These were the early days of heraldry, before formal, inherited coats of arms, when nobles were choosing their own emblems for their shields, banners and personal seals. In a time of helmets, which obscured the face, these signs were vital for identification in battle. They were also powerful symbolic statements about the wearer. The symbol Reynald chose for himself was the swan, the chivalric bird par excellence, enshrined in the earliest known cycle of chansons, known as the Chevalier au Cygne (the Swan Knight). The first part of the cycle is the Chanson d’Antioche (the Song of Antioch), which sings of the First Crusade down to the capture of the great city of Antioch in 1098. It continues with the Chanson de Jherusalem, taking the story on to the capture of Jerusalem in 1099. Both these songs were in wide circulation in northern France during Reynald’s youth. In choosing the swan as his emblem, Reynald was perhaps revealing a romantic streak and was consciously associating himself with this tradition, and with a real-life hero of these chansons, the greatest knight of the First Crusade, Godfrey de Bouillon. After the capture of Jerusalem, Godfrey was chosen as the leader of the Franks in the East.
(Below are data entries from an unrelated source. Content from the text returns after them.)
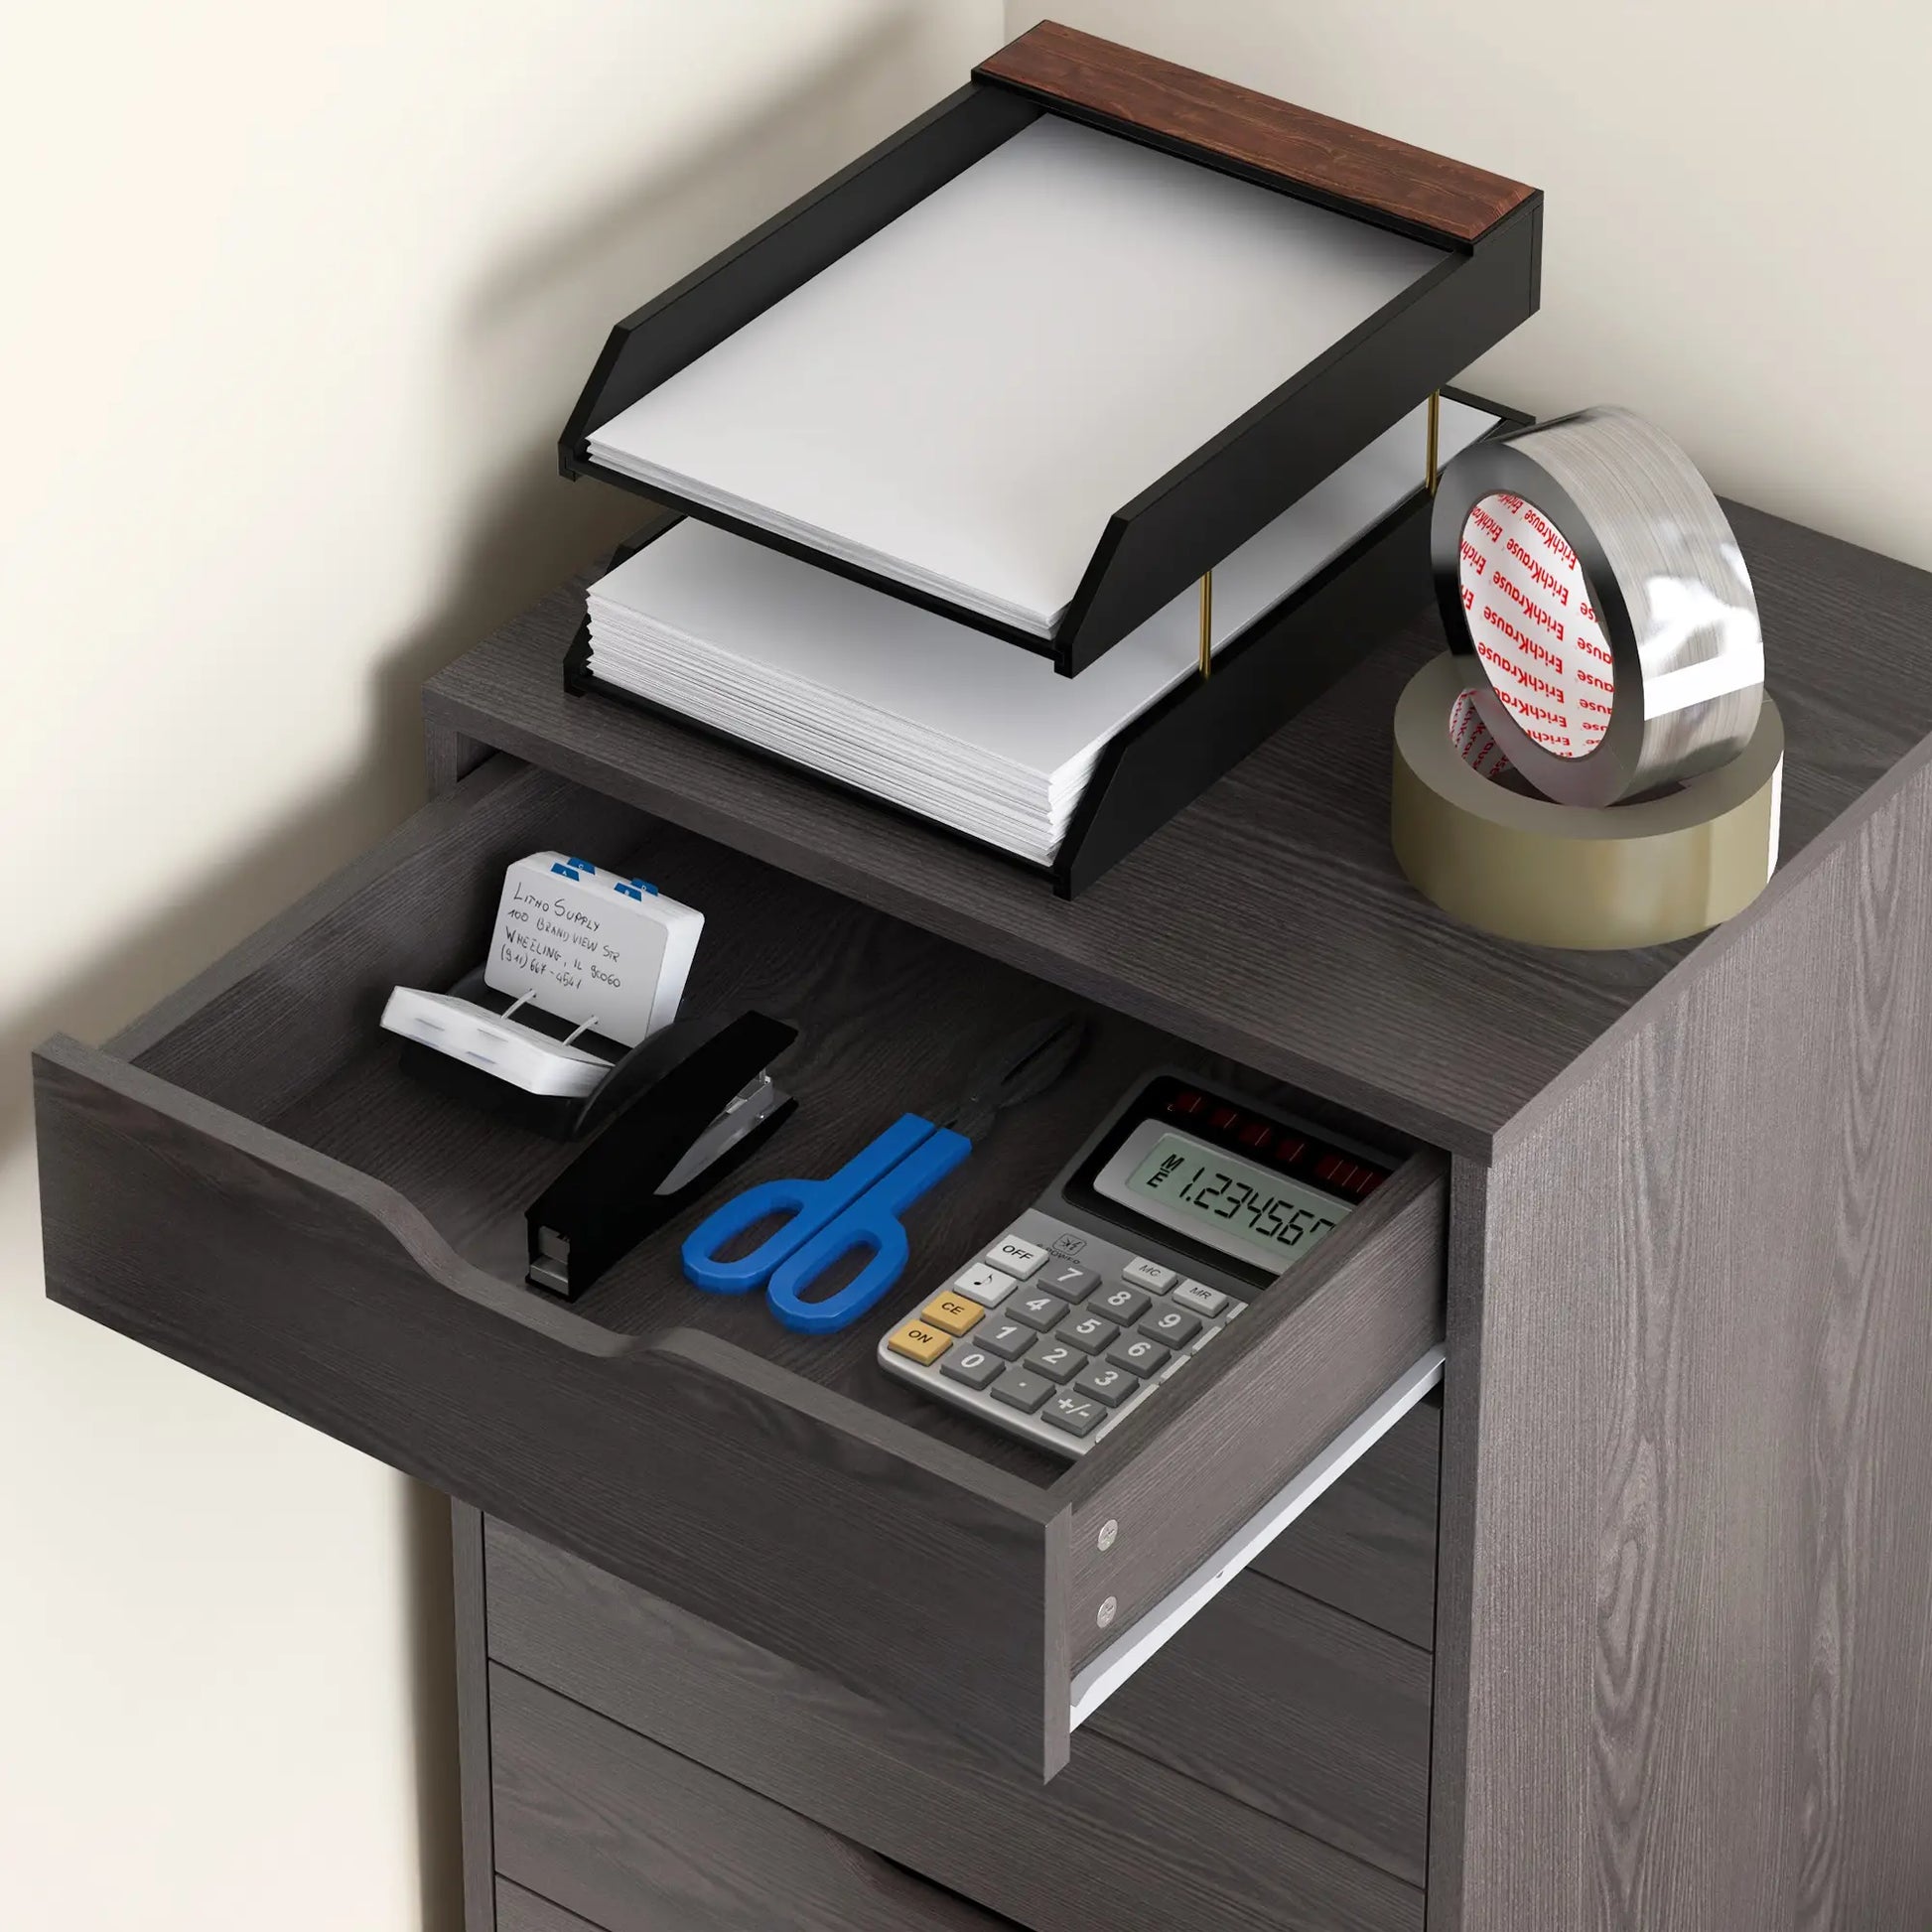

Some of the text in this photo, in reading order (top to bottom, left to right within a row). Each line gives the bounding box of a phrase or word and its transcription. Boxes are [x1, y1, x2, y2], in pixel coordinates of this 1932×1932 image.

[1524, 509, 1577, 571] ErichKrause
[1506, 538, 1569, 607] ErichKrause
[1492, 571, 1565, 641] ErichKrause
[1483, 606, 1564, 675] ErichKrause
[1477, 641, 1565, 704] ErichKrause
[507, 908, 529, 922] 100
[1161, 1154, 1185, 1172] M
[1002, 1245, 1035, 1260] OFF
[1057, 1267, 1084, 1282] 7
[1139, 1264, 1162, 1277] MC
[1107, 1291, 1132, 1306] 8
[1189, 1287, 1212, 1301] MR
[941, 1302, 965, 1315] CE
[1026, 1298, 1051, 1311] 4
[1076, 1318, 1102, 1333] 5
[1158, 1313, 1181, 1327] 9
[907, 1329, 934, 1343] ON
[996, 1325, 1018, 1339] 1
[1041, 1347, 1068, 1364] 2
[1128, 1341, 1152, 1357] 6
[960, 1353, 985, 1368] 0
[1094, 1371, 1119, 1386] 3
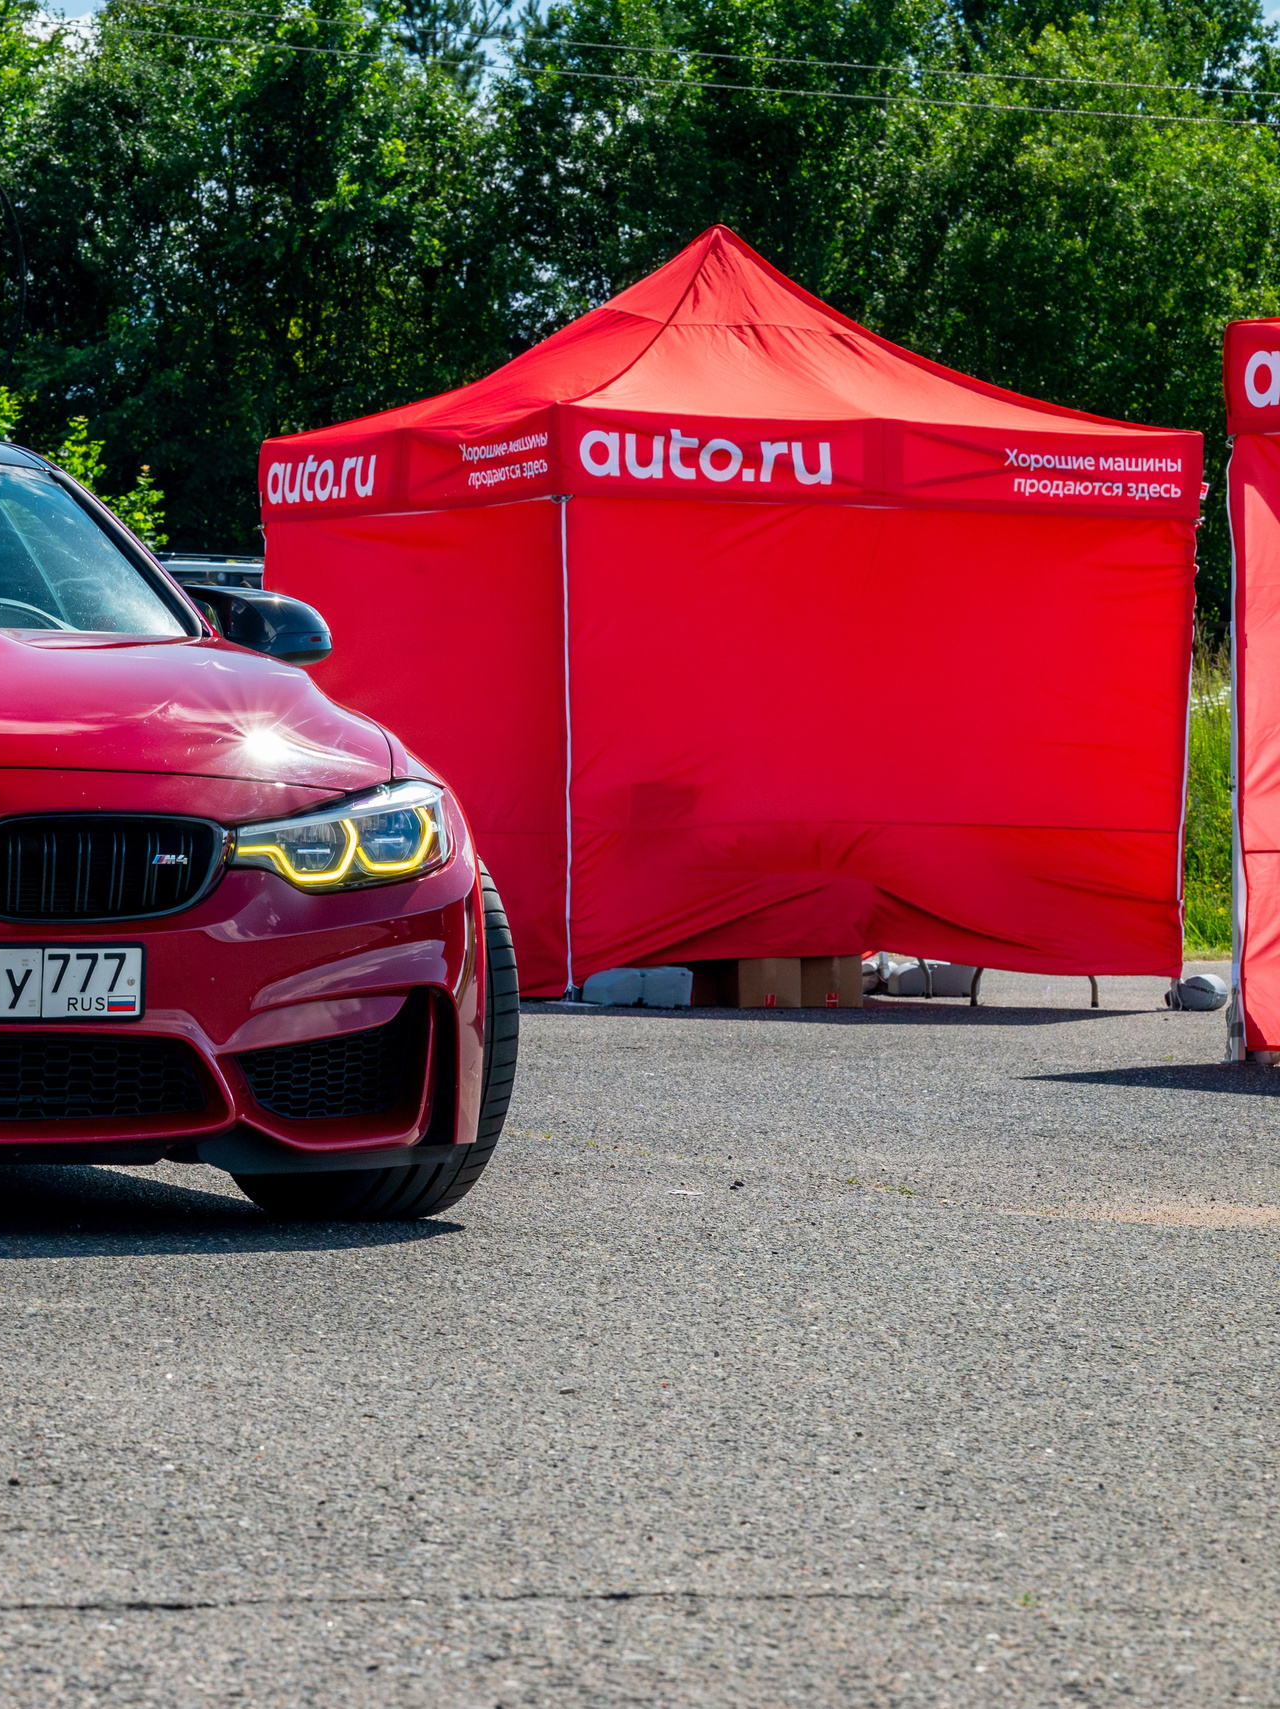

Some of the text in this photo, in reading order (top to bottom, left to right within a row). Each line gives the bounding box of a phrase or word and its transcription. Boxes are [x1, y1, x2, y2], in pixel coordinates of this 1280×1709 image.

[459, 443, 508, 465] Хорошие
[579, 428, 833, 485] auto.ru
[1004, 448, 1182, 473] Хорошие машины
[267, 454, 376, 504] auto.ru
[468, 459, 548, 489] продаются здесь
[1013, 478, 1182, 500] продаются здесь
[162, 854, 188, 865] M4
[47, 953, 127, 993] 777
[67, 997, 106, 1012] RUS
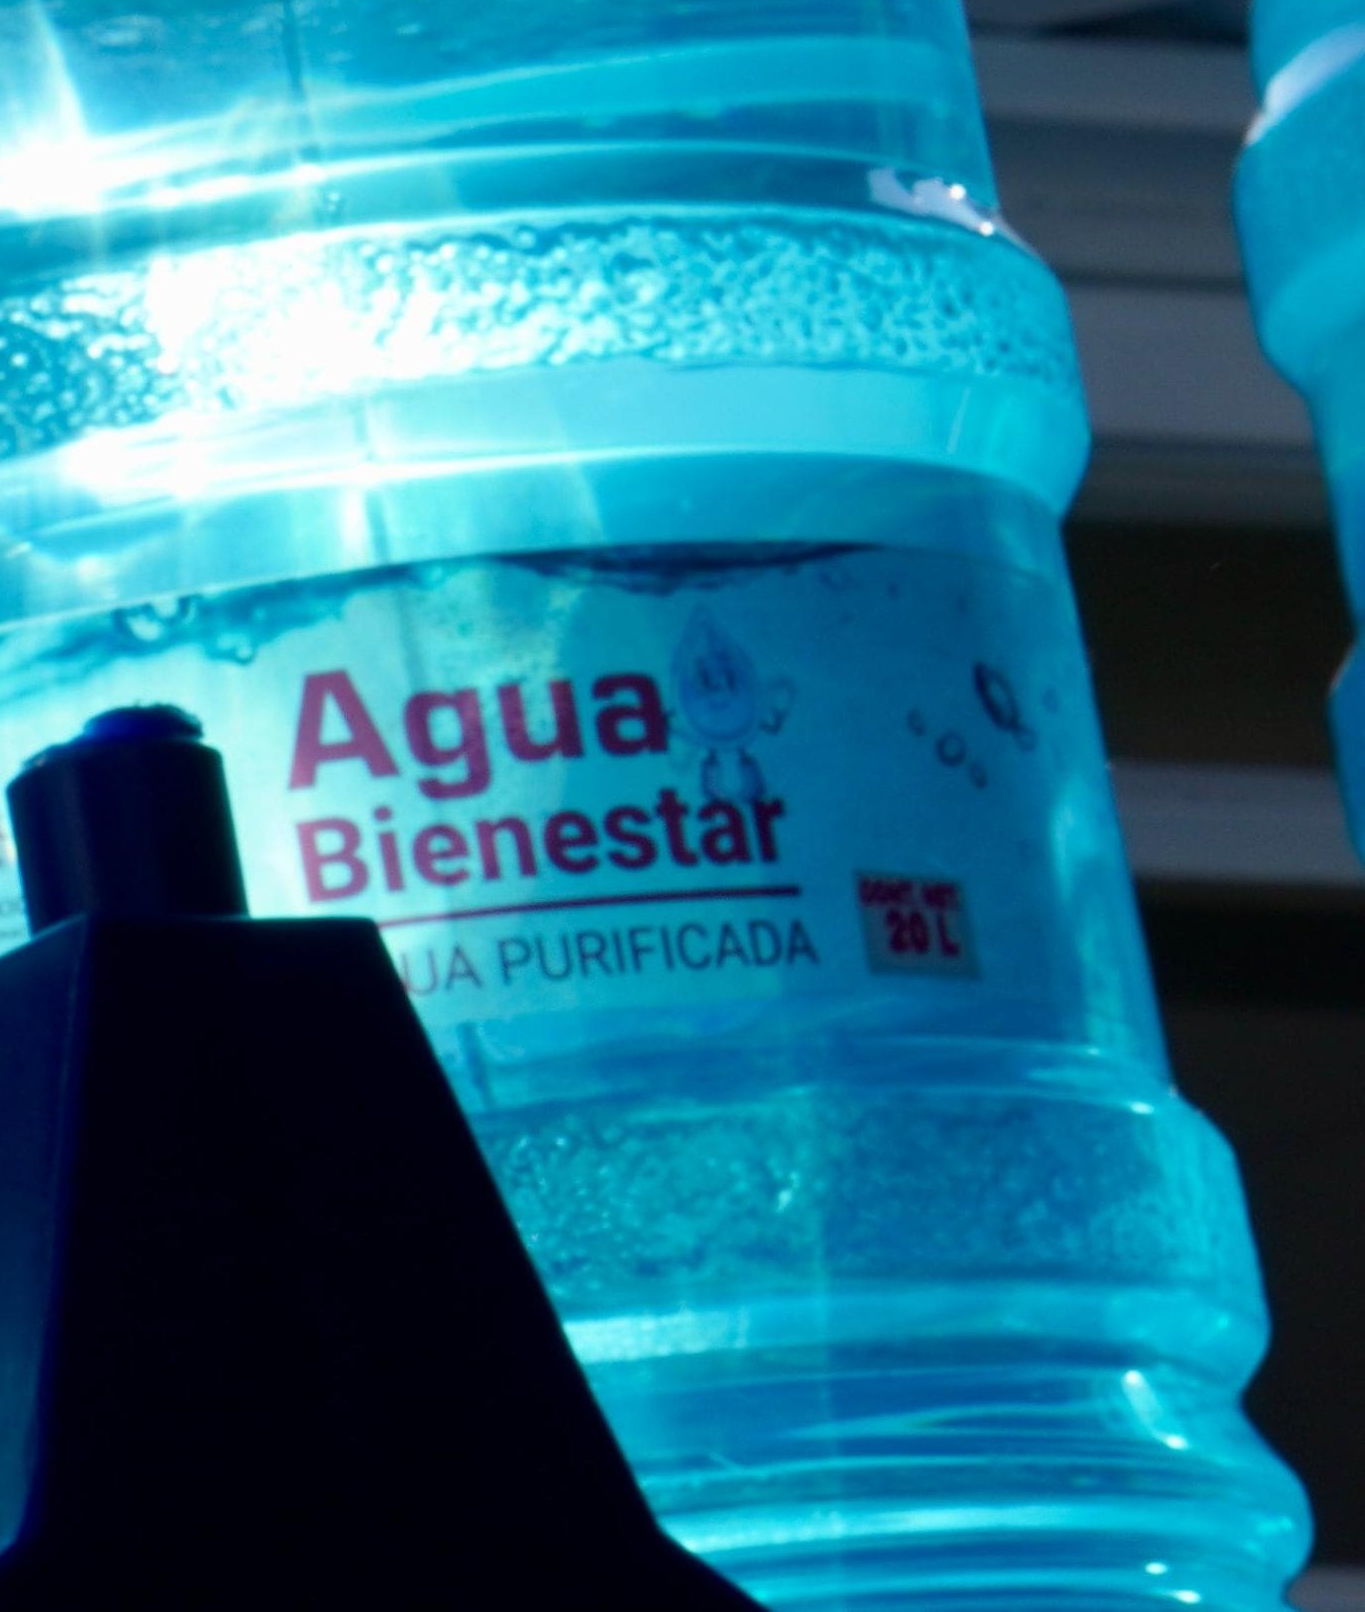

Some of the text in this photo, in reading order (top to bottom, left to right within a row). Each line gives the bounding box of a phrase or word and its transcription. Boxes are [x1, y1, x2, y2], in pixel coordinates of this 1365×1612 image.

[288, 668, 670, 801] Agua
[295, 787, 787, 904] Bienestar
[399, 918, 822, 997] UA PURIFICADA
[885, 909, 960, 959] 20 L
In a saintly rejection of worldly glory, he refused the title of king, agreeing only to be ‘Guardian of the Holy Sepulchre’. Legend had it that Godfrey was descended from a swan – the Swan Knight of the chansons.
The books of chivalry and the stories of the chansons reveal the pattern for the knightly ideal. Central to them were the fame and glory that a knight would win on the battlefield in the service of his lord. And if the battle was against heathens, on crusade, on behalf of Holy Mother Church, then even better. At the time the crusaders were seen as:
heroes who from the cold of uttermost Europe plunged into the intolerable heat of the East, careless of their own lives, if only they could bring help to Christendom its hour or trial… nothing to be compared to their glory has ever been begotten by any age.3
A knight would also win glory in the service of his lady, following the principles of ‘courtly love’, a twelfth-century fashion in romantic manners and verse that was closely intertwined with the Second Crusade, through Eleanor of Aquitaine. Wife of Louis VII, the queen controlled most of southern France in her own right. She was also a great patron of the arts, especially of the troubadours, the southern French singers of the chansons and lays of courtly love. The adventurous Eleanor accompanied her husband on crusade and, from the very start, her presence added a sheen of glamour, especially for a youthful knight. She made sure everyone noticed her, and while churchmen disapproved of her extravagant displays, no virile young bachelor, especially one – like Reynald – with a taste for the flamboyant and dramatic, could fail to have been enamoured by the Amazonian queen on that remarkable day at Vézelay, and further seduced by the attractions of the crusade.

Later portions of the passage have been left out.